SARMs, which are designed to mimic the muscle-building effects of anabolic steroids while theoretically producing fewer androgenic side effects, have not been approved for human use by regulatory authorities in the United Kingdom, the United States, or the European Union. Clinical trials exploring their therapeutic potential in conditions such as muscle-wasting disease and osteoporosis have been discontinued or remain incomplete, leaving the long-term safety profile largely unknown. Despite that regulatory status, researchers found that SARMs were among the most commonly advertised substances on the platforms they monitored over a six-month observation period, with some storefronts listing dozens of variants at prices accessible to a broad consumer base.
Health professionals have documented cases of acute liver toxicity, hormonal suppression requiring medical intervention, cardiovascular complications including elevated blood pressure and adverse changes in cholesterol profiles, and psychological disturbances — including heightened aggression and depressive episodes — among individuals who used such products without medical oversight. Because the substances are often mislabeled or contain undisclosed active ingredients, users may be unaware of what they are actually consuming or at what effective dosage.
Dr. Samuel Adekunle, a consultant in sports and exercise medicine, said the problem is compounded by a cultural environment within some fitness communities that normalizes performance enhancement and frames side effects as an acceptable trade-off for physical gains. "We are seeing a generation of young men in particular who have been exposed to persistent messaging that makes these substances appear routine," Dr. Adekunle said. "The reality is that we do not have adequate long-term human safety data, and the short-term risks we can already document are serious and are presenting in clinical settings with increasing frequency."
Regulatory bodies in multiple countries have taken enforcement action against specific suppliers, but experts describe the market as highly adaptive, with vendors rapidly relocating their operations to new domains, encrypted messaging applications, or overseas hosting environments whenever one channel is disrupted. The cross-border nature of digital commerce makes comprehensive enforcement exceptionally difficult without coordinated international cooperation, and the pace at which new synthetic compounds are developed frequently outstrips regulators' ability to schedule substances under existing controlled drug frameworks.

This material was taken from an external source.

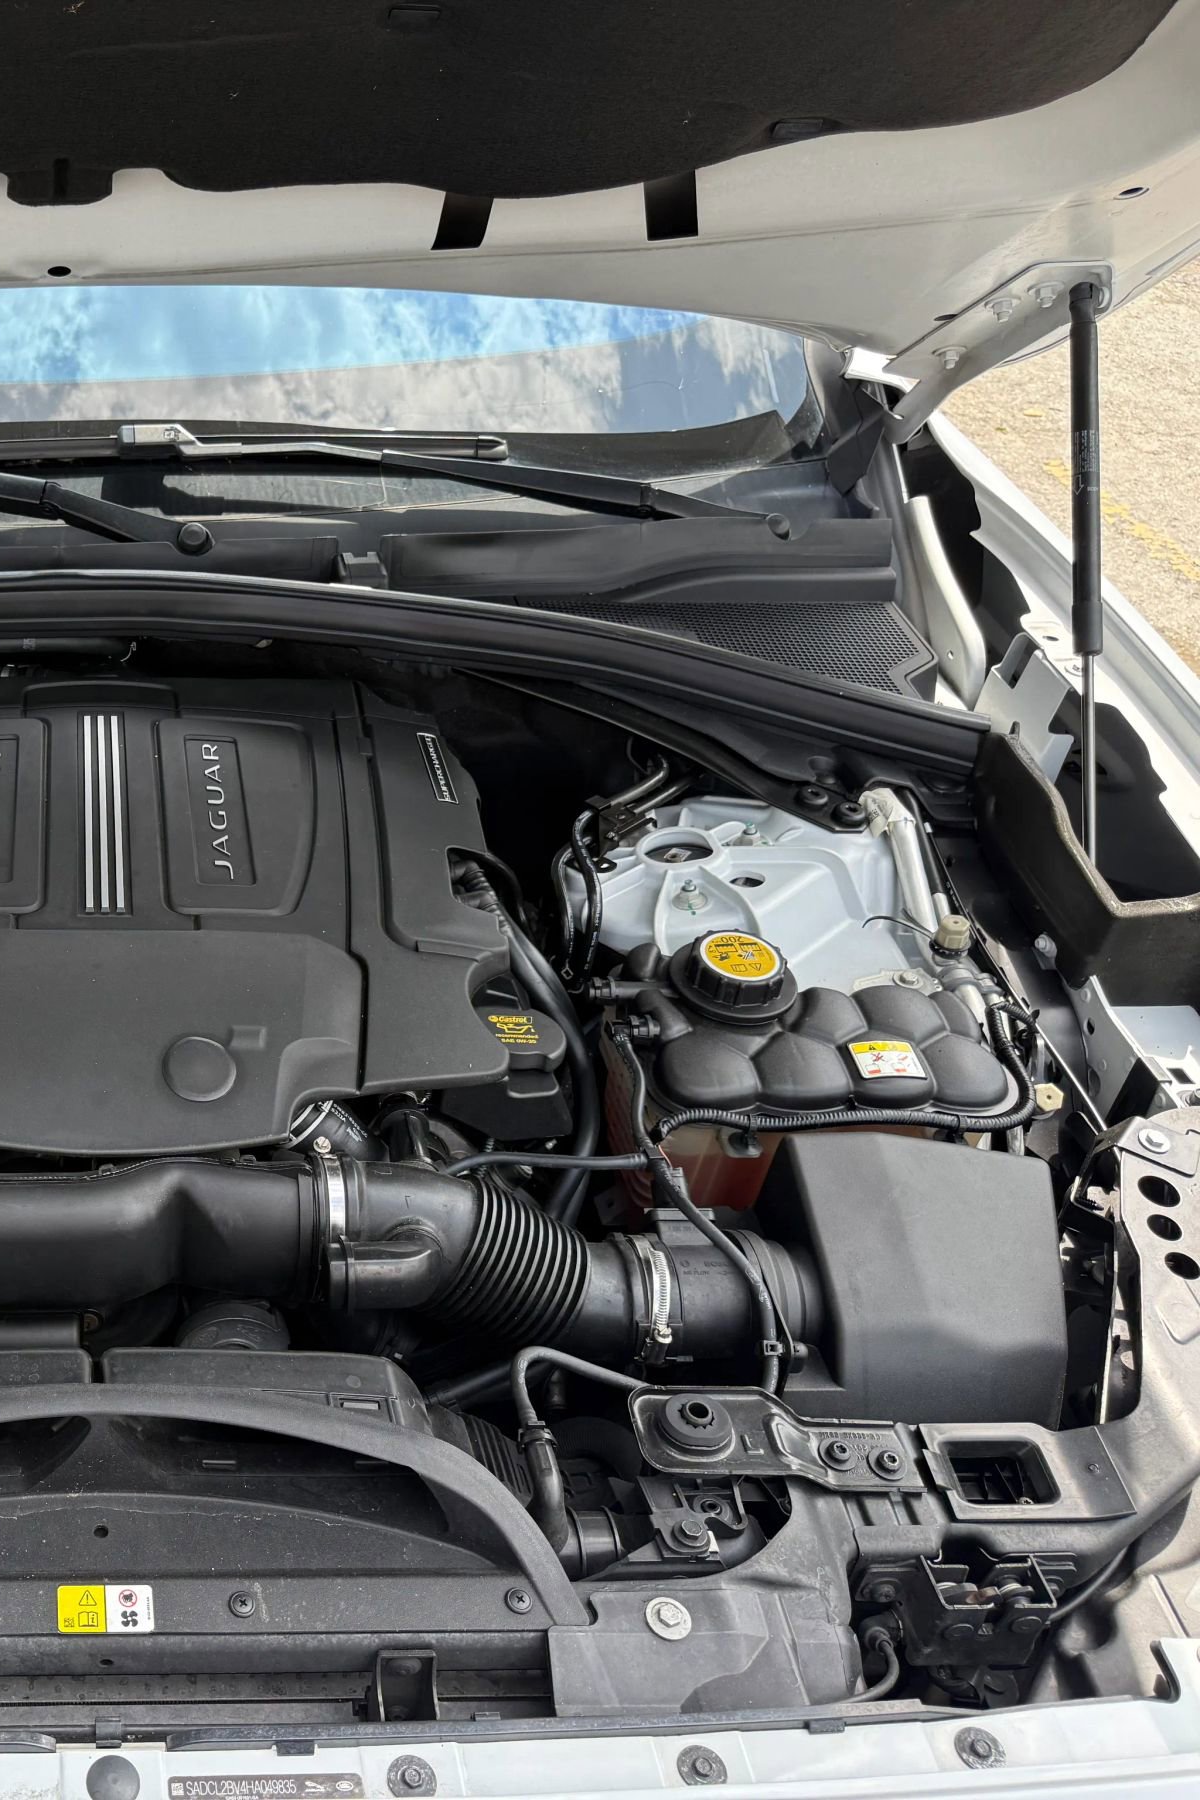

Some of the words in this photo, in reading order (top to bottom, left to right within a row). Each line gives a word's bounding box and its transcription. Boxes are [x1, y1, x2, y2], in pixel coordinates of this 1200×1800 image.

[202, 743, 234, 880] JAGUAR
[498, 1015, 528, 1024] Castrol
[185, 1779, 297, 1796] SADCL2BV4HA049835

Anti-doping authorities have noted that the proliferation of these substances poses risks not only to health but also to the integrity of competitive sport at amateur and semi-professional levels, where testing infrastructure is considerably less robust than at elite tiers. Athletes who consume contaminated or mislabeled supplements may inadvertently ingest banned substances and face disciplinary sanctions even when their intent was not to cheat.
Consumer advocacy organizations are calling for tighter due-diligence requirements on e-commerce platforms to verify the regulatory status of substances listed for sale through their marketplaces, and for greater investment in targeted public awareness campaigns aimed at recreational athletes and gym communities. Health authorities said they are closely monitoring the trend and urged anyone considering the use of performance-enhancing products to consult a qualified healthcare professional before proceeding, emphasizing that many of the claimed benefits are unsubstantiated by peer-reviewed evidence while the documented risks are real and in some cases irreversible.
Sports scientists studying the phenomenon said the widespread availability of these products also reflects a broader cultural shift in the way physical performance and appearance are discussed and valued in online fitness communities, where algorithms on major platforms can rapidly amplify content that promotes supplement use to receptive audiences. Researchers who have tracked such communities over time say that intervention strategies focused solely on legal enforcement are unlikely to be sufficient, and that education campaigns embedded within those communities — including content from credible athletic figures willing to speak openly about the risks — may be a necessary complement to regulatory approaches if the trend is to be meaningfully reversed rather than simply displaced to new channels.